Each line in the data must be reproduced as written, except for any picture.

######

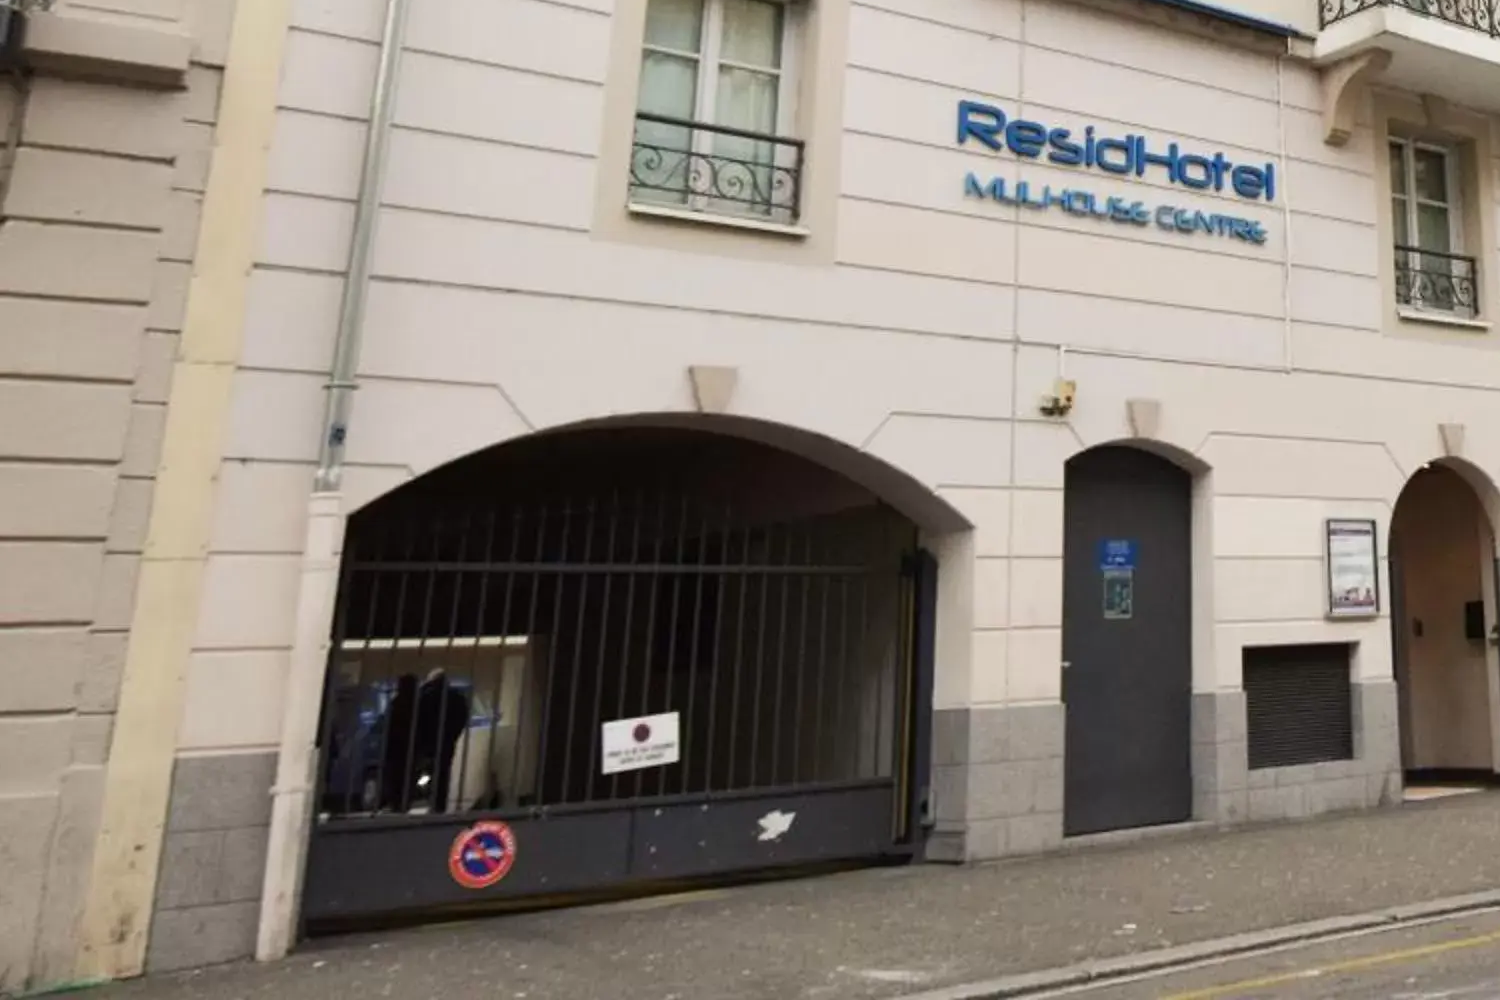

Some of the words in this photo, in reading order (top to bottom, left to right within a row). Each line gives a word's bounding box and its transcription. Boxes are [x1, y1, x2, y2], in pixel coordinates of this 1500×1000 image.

[957, 99, 1275, 201] ResidHotel
[964, 171, 1151, 227] MULHOUSE
[1154, 204, 1268, 246] CENTRE
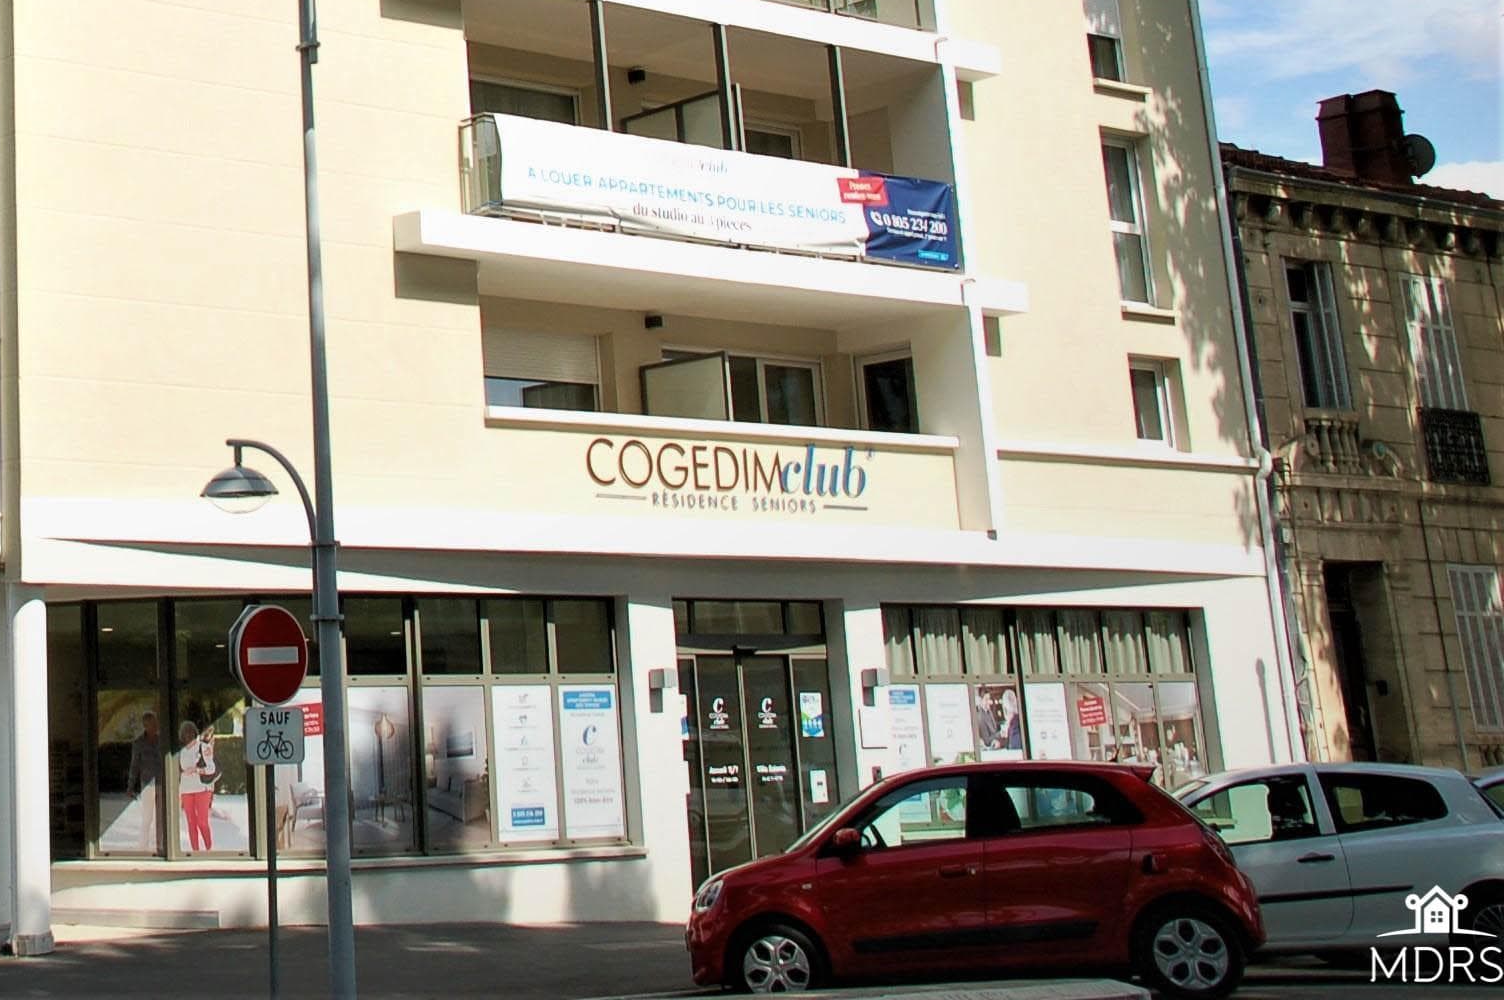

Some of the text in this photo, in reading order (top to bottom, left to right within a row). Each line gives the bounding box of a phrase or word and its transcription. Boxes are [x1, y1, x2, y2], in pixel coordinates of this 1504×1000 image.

[541, 169, 593, 187] LOUER
[599, 177, 714, 207] APPARTEMENTS
[717, 195, 756, 212] POUR
[760, 201, 785, 216] LES
[788, 205, 846, 224] SENIORS
[632, 202, 648, 216] du
[651, 206, 687, 222] studio
[691, 214, 704, 225] au
[883, 213, 892, 226] 0
[909, 217, 929, 233] 234
[929, 220, 948, 235] 200
[260, 711, 291, 725] SAUF
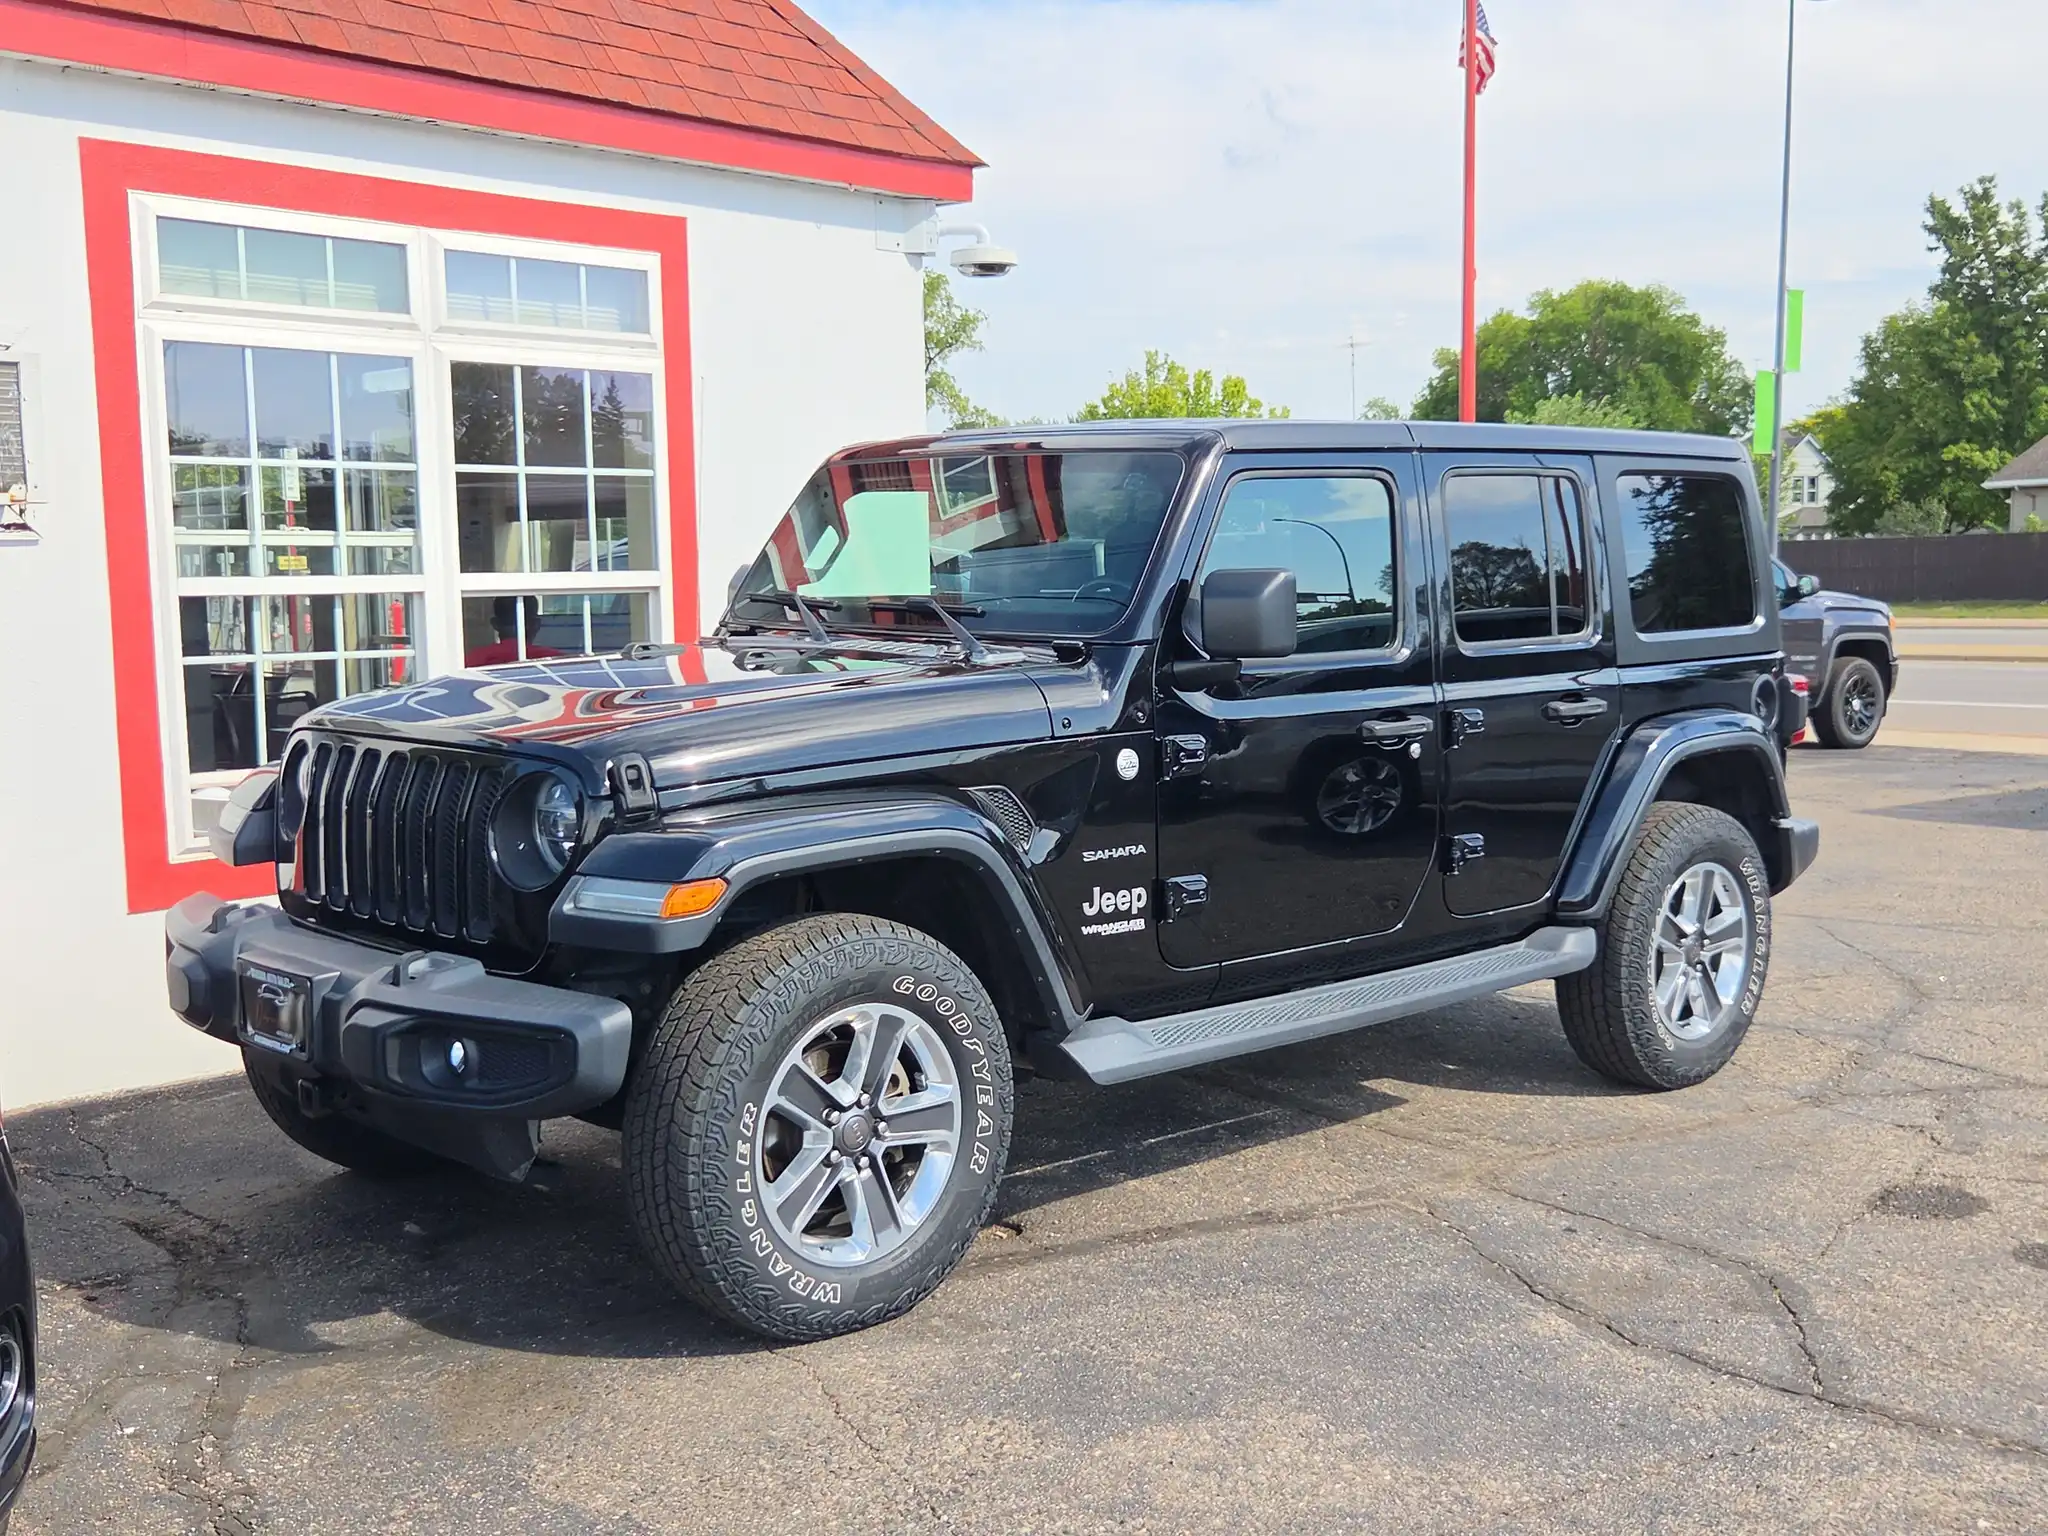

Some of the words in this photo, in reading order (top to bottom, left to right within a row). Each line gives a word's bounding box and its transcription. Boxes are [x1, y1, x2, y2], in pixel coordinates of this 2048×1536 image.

[1082, 844, 1146, 862] SAHARA
[1082, 886, 1147, 916] Jeep
[1739, 857, 1766, 1016] WRANGLER
[893, 975, 994, 1175] GOODYEAR
[736, 1101, 841, 1304] WRANGLER
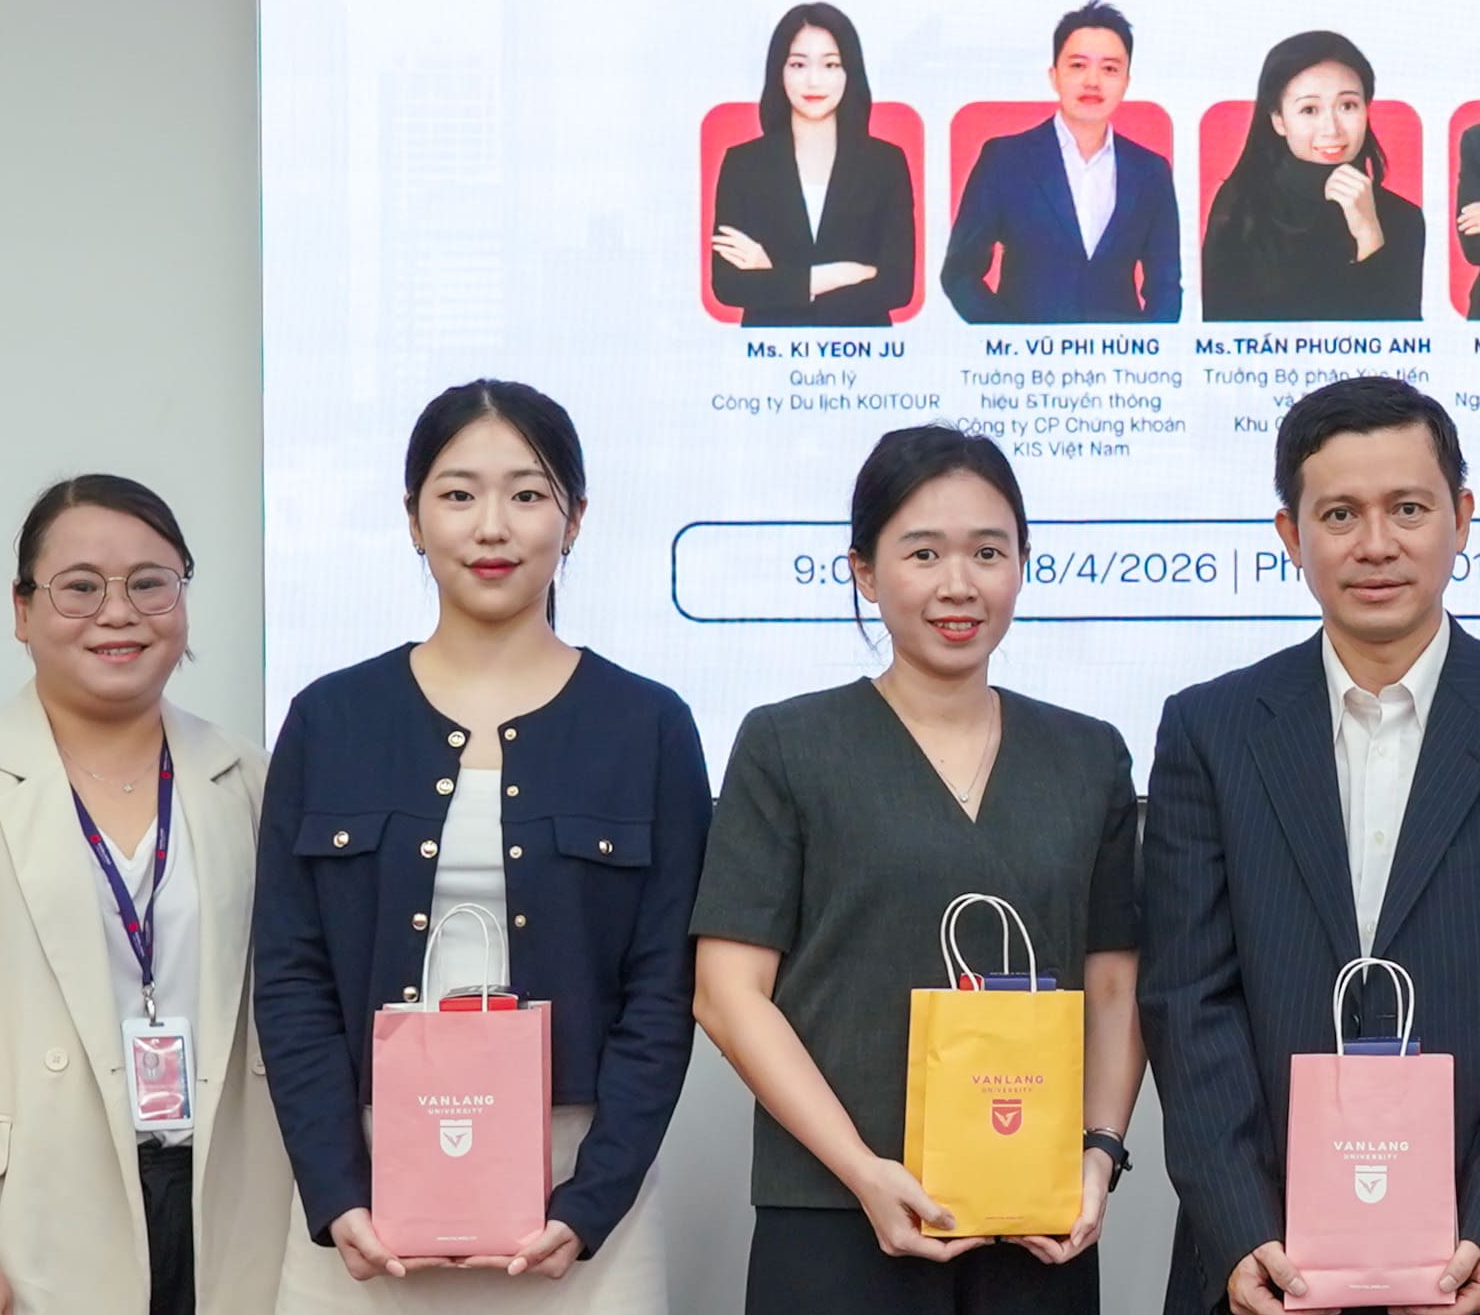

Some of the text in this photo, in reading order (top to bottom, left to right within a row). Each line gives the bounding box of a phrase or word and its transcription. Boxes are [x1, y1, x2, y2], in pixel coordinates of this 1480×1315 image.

######

◆ SOLVED EXERCISE
Some of the words in this photo, in reading order (top to bottom, left to right within a row). Each line gives a word's bounding box and its transcription. Boxes are [x1, y1, x2, y2], in pixel coordinates of this 1500×1000 image.

[957, 99, 1275, 201] ResidHotel
[964, 171, 1151, 227] MULHOUSE
[1154, 204, 1268, 246] CENTRE

Some of the text in this photo, in reading order (top to bottom, left to right within a row). Each line gives the bounding box of a phrase or word and its transcription. Boxes are [x1, y1, x2, y2], in pixel coordinates of this 1504×1000 image.

[541, 169, 593, 187] LOUER
[599, 177, 714, 207] APPARTEMENTS
[717, 195, 756, 212] POUR
[760, 201, 785, 216] LES
[788, 205, 846, 224] SENIORS
[632, 202, 648, 216] du
[651, 206, 687, 222] studio
[691, 214, 704, 225] au
[883, 213, 892, 226] 0
[909, 217, 929, 233] 234
[929, 220, 948, 235] 200
[260, 711, 291, 725] SAUF

Some of the words in this photo, in reading order (top to bottom, left to right within a row). Each line gives a word's bounding box and its transcription. Boxes are [x1, y1, x2, y2], in pixel coordinates of this 2048×1536 image.

[1082, 844, 1146, 862] SAHARA
[1082, 886, 1147, 916] Jeep
[1739, 857, 1766, 1016] WRANGLER
[893, 975, 994, 1175] GOODYEAR
[736, 1101, 841, 1304] WRANGLER

Some of the text in this photo, in reading order (top to bottom, left to right within a row). Each line gives the bounding box of a phrase or word and its transcription. Boxes are [x1, y1, x2, y2], in pixel coordinates of this 1480×1315 image.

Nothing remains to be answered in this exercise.